What did I just spend 6 months doing? I have a couple notebooks full of writing in pencil. I have colorful tabs to organize and point the way to chapters and parts of chapters that I wrote months ago. I have a summary/outline that changed a couple of times along the way. Now what?
Transcribe, scribe! Onto the computer I go. Most of you probably know by now that I write longhand in pencil. I seem unwilling to go high, mid, or low tech with the writing of my first drafts. One might think that transcription is a royal pain. Why type 80,000 words right after you wrote them? Isn’t it doing double work?
Nonsense! It’s actually a pretty cool process. Here are three reasons why:
1) It’s like a mini-vacation. Yes, I did say vacation. Where’s the special destination? Your story! The reason I call it a vacation is because you get to “tour” your hard work with no pressure at all.
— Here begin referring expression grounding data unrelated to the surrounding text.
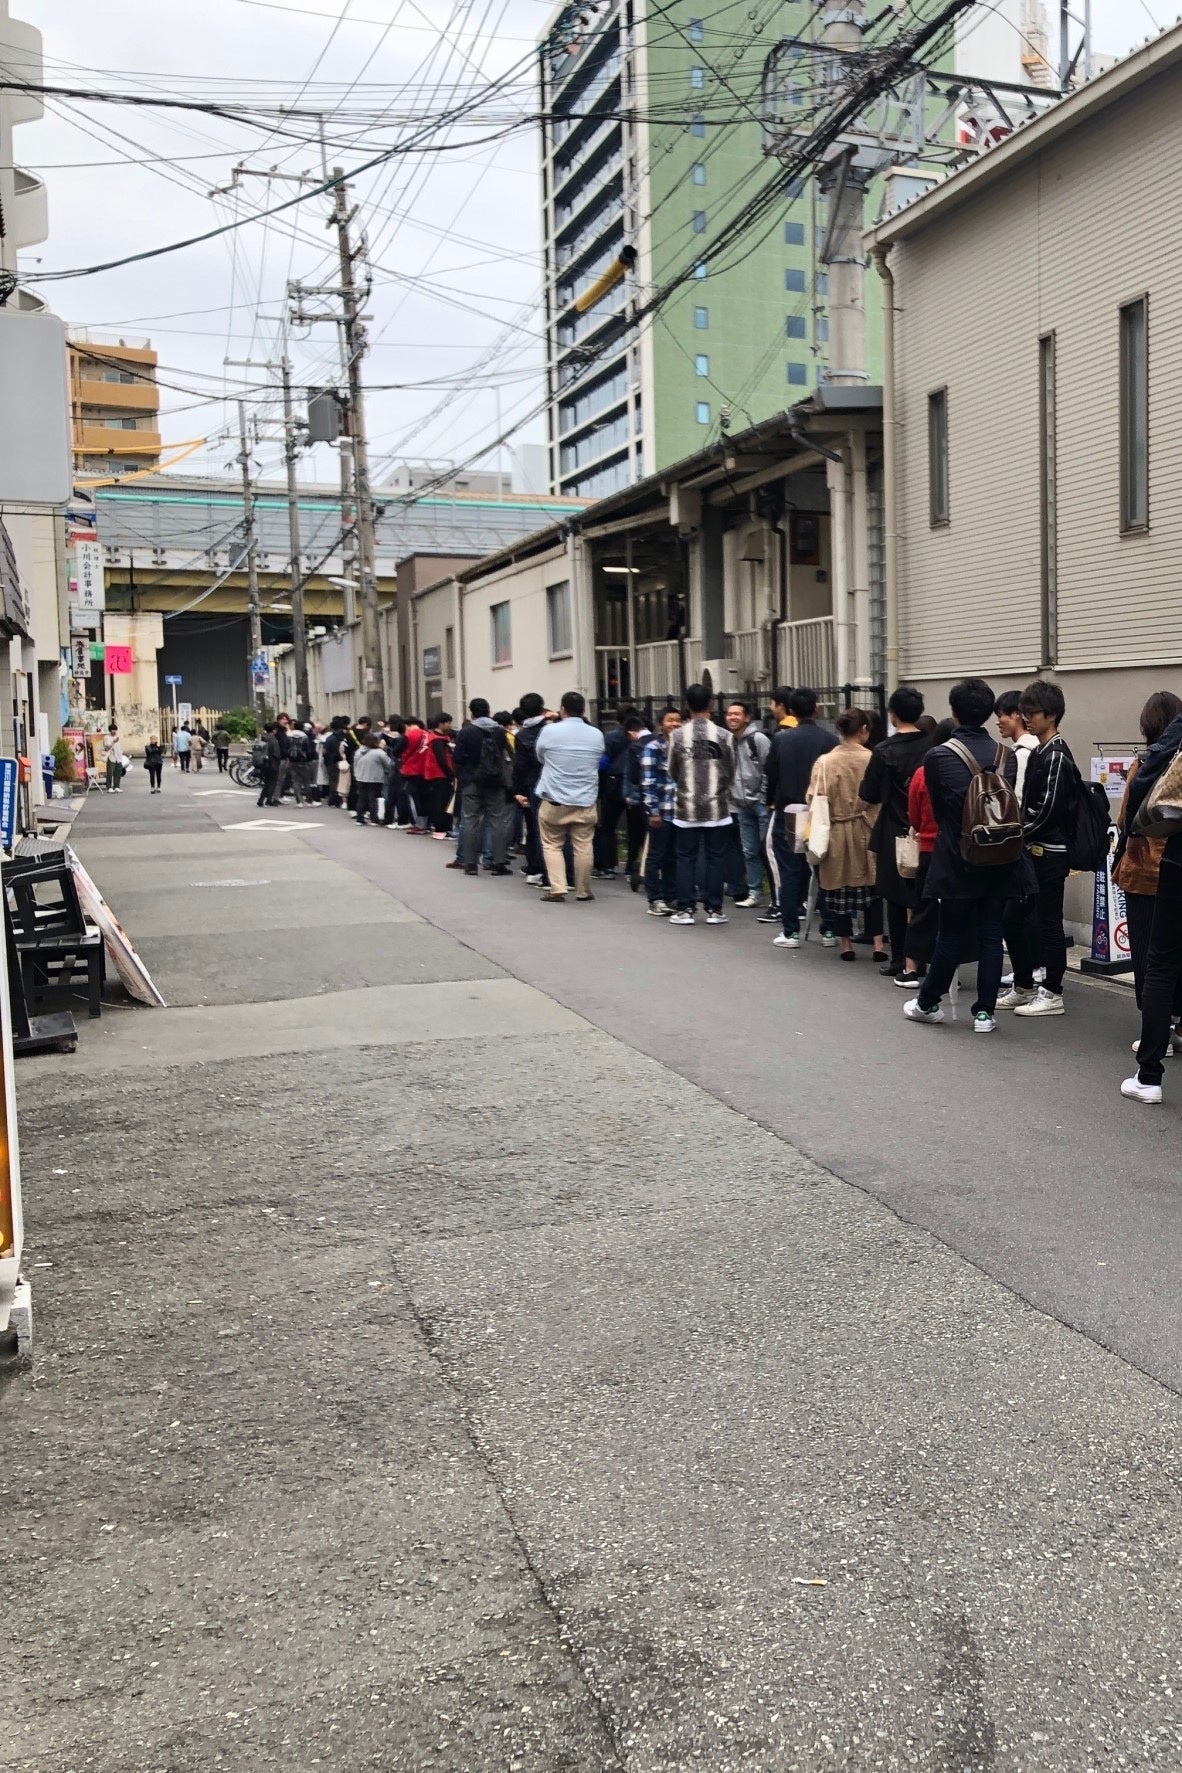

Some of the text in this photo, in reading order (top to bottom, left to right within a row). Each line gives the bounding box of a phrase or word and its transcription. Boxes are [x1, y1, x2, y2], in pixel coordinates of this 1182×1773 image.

[81, 544, 93, 607] 小川会計事務所
[1116, 885, 1127, 919] KING
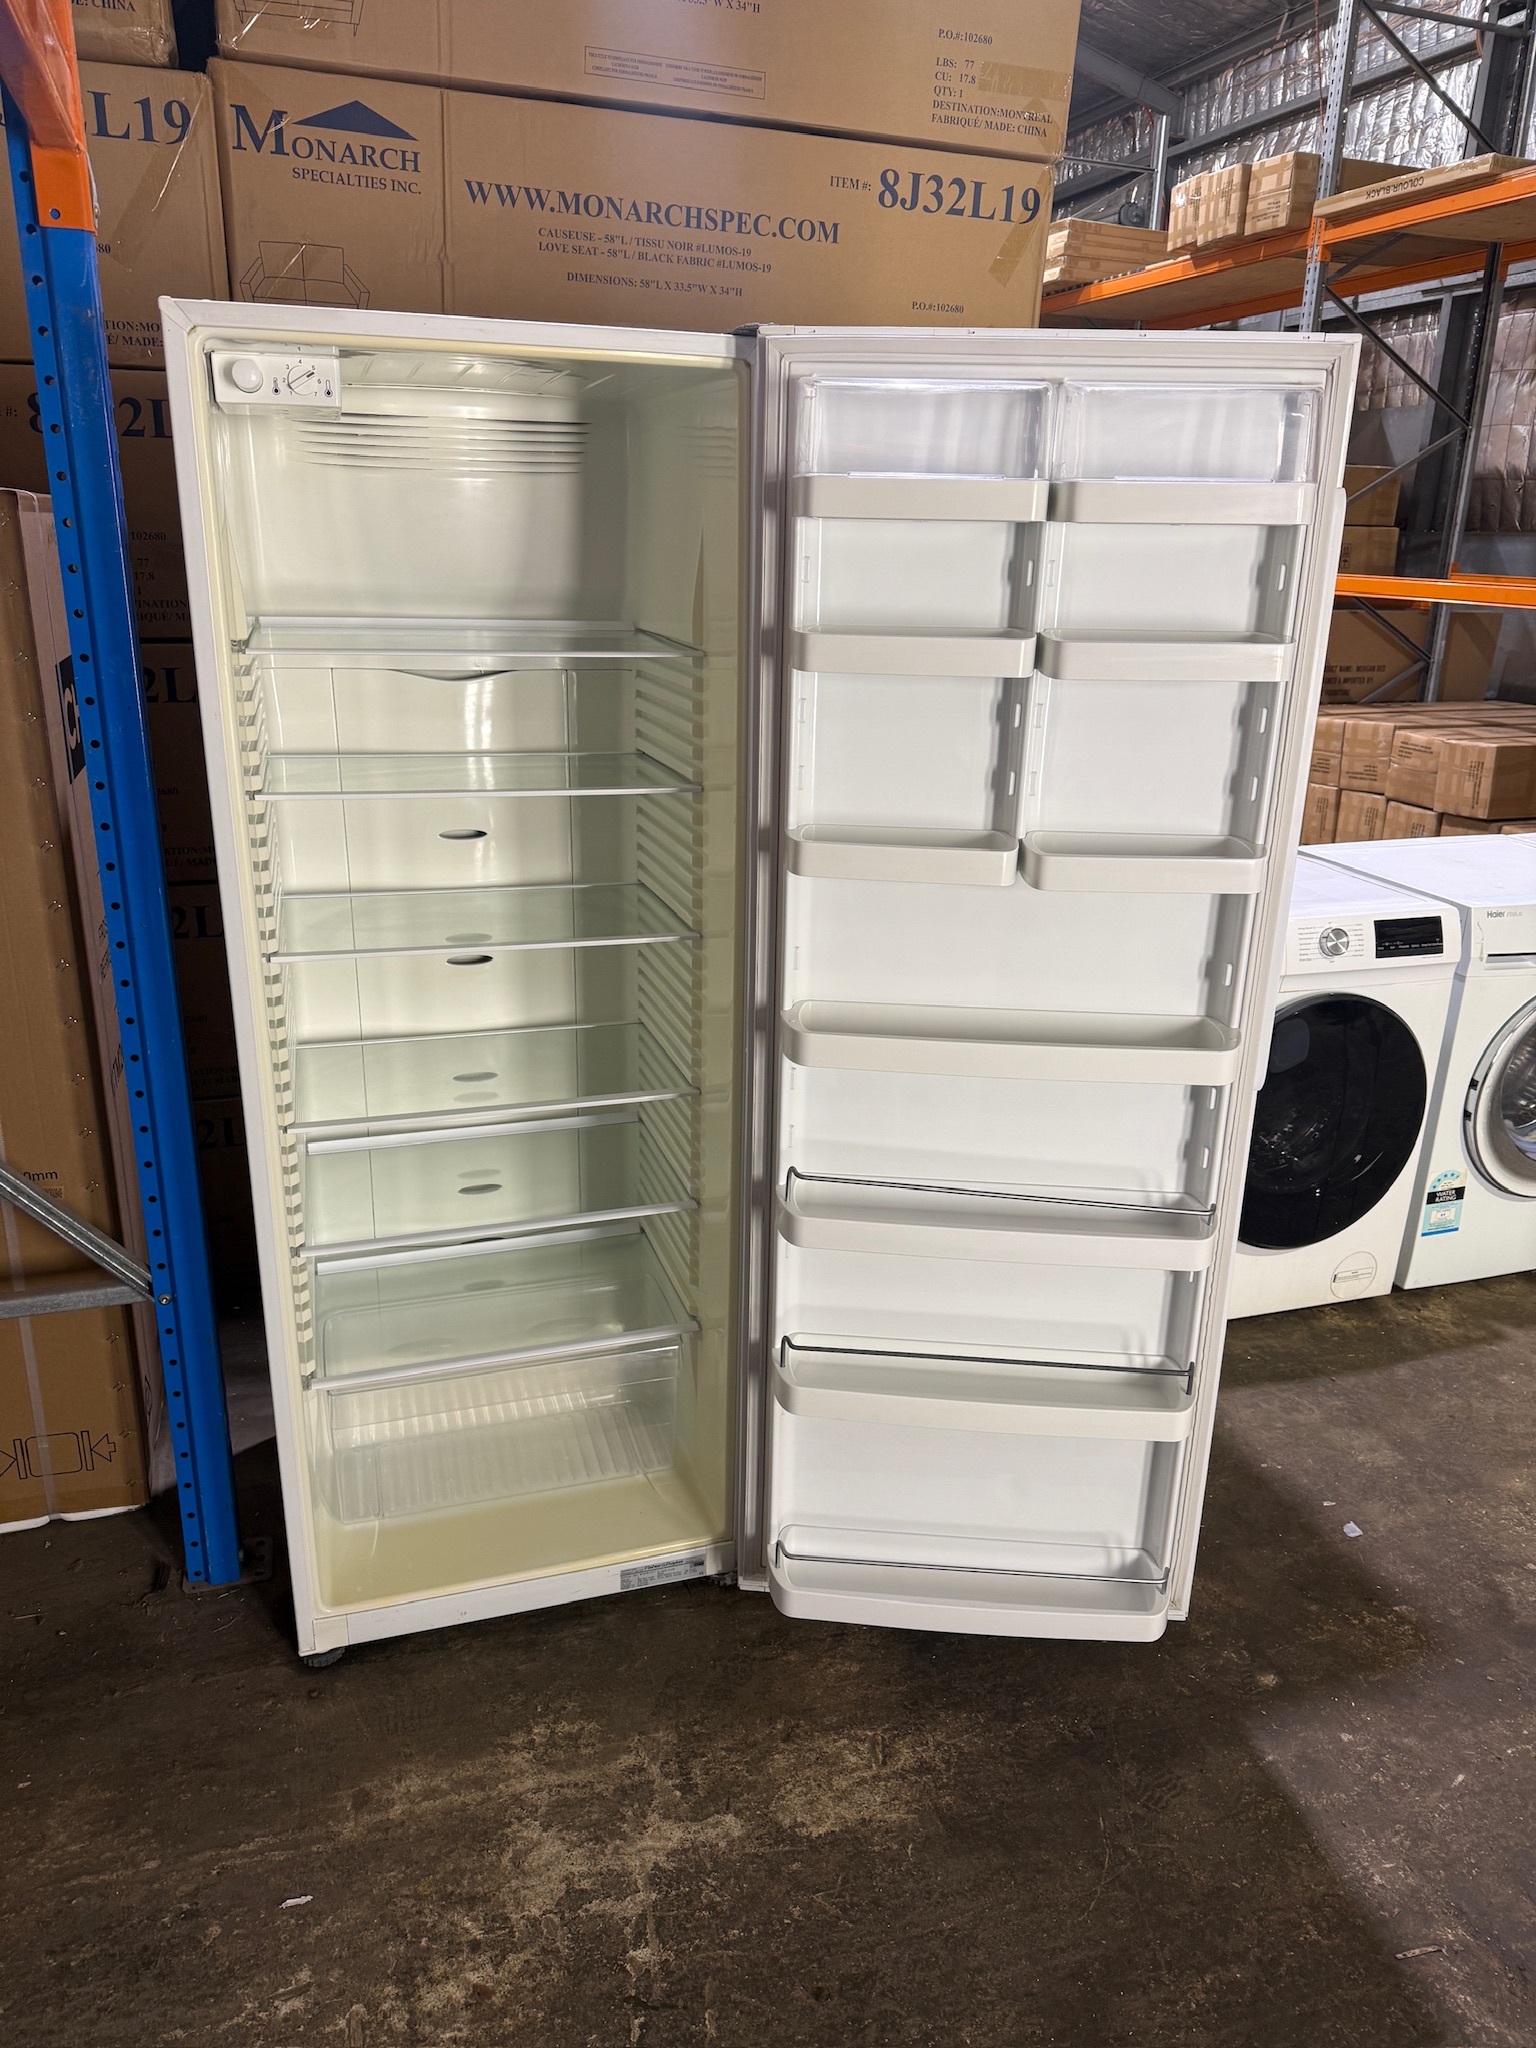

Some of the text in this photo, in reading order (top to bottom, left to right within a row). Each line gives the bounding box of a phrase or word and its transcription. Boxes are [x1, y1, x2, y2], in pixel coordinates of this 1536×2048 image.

[736, 1, 760, 13] 34"H
[938, 28, 993, 45] P.O.#:102680
[936, 57, 975, 70] LBS: 77
[934, 71, 976, 85] CU: 17.8
[933, 85, 963, 98] QTY: 1
[84, 90, 191, 145] L19
[984, 120, 1015, 133] MADE:
[1017, 124, 1047, 138] CHINA
[229, 104, 421, 173] MONARCH
[292, 167, 422, 195] SPECIALTIES INC.
[1365, 176, 1425, 200] COLOUR:BLACK
[829, 168, 1041, 225] ITEM #: 8J32L19
[464, 179, 841, 244] WWW.MONARCHSPEC.COM
[96, 243, 111, 254] 80
[538, 227, 596, 242] CAUSEUSE
[604, 233, 628, 245] 58"L
[635, 237, 665, 249] TISSU
[667, 240, 693, 251] NOIR
[695, 244, 752, 257] #LUMOS-19
[538, 242, 569, 254] LOVE
[571, 245, 599, 256] SEAT
[606, 248, 631, 260] 58"L
[638, 252, 675, 264] BLACK
[676, 256, 715, 268] FABRIC
[716, 260, 772, 274] #LUMOS-19
[567, 271, 743, 297] DIMENSIONS: 58"L X 33.5"W X 34"H
[911, 301, 964, 314] P.O.#:102680
[104, 320, 162, 332] TION:MO
[1436, 1189, 1456, 1197] WATER
You don’t need to change a thing. I actually recommend that you leave most of what you wrote by hand as it was. This isn’t the time to dive into revisions. This is the time to get acquainted with your accomplishment. Some of this you haven’t seen for months, reintroduce yourself.
2) It gets you prepared for some serious revising and rewriting. Sometimes I call transcription a “half pass” meaning, yes—I do correct little things, a sentence here or there, add a sentence that I don’t have to think about. But if I have to wonder for more than a nanosecond I leave it alone. When I have questions or things I want to explore changing, I write them on a separate piece of paper and save it. When it comes time to do that first major rewrite I have not only familiarity with the piece as a whole but direction. I feel like I did my homework and I can proceed with confidence.
3) It gets you pumped up! Dude, dudette, you just finished a novel! That’s what I’m talking about!! Get pumped, celebrate. Enjoy those moments when your fingers fly because you put together an inspired scene that came out how you wanted! (They didn’t all come out that way, but there will be some. Enjoy them!)
I am about halfway through transcribing THE TRUBAKER ORPHANAGE. Another few weeks and I should be done with this step. Do you write longhand and transcribe? Share your stories!